### Work request
Set down each line of the records once more, precisely, and omit the pictures.

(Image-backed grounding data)
-=-=-=-=-

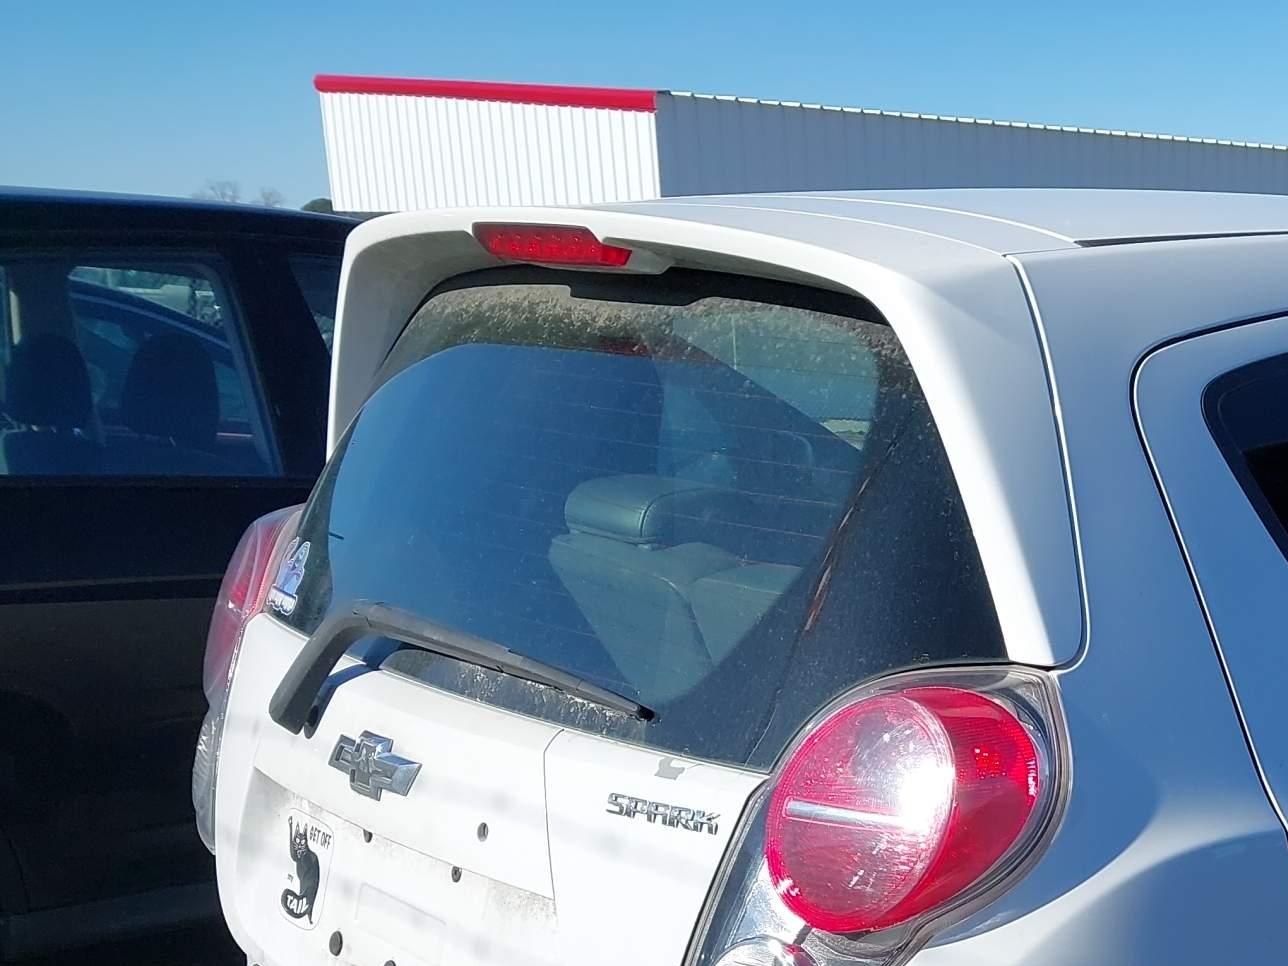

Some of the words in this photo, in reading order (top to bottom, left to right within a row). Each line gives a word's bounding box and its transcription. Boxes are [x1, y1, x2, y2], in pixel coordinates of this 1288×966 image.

[605, 792, 721, 835] SPARK
[309, 826, 321, 844] GET
[321, 831, 332, 849] OFF
[286, 895, 309, 914] TAIL

-=-=-=-=-

### Answer below
Some of the words in this photo, in reading order (top to bottom, left to right within a row). Each line gives a word's bounding box and its transcription. Boxes are [x1, y1, x2, y2], in pixel coordinates of this 1288×966 image.

[605, 792, 721, 835] SPARK
[309, 826, 321, 844] GET
[321, 831, 332, 849] OFF
[286, 895, 309, 914] TAIL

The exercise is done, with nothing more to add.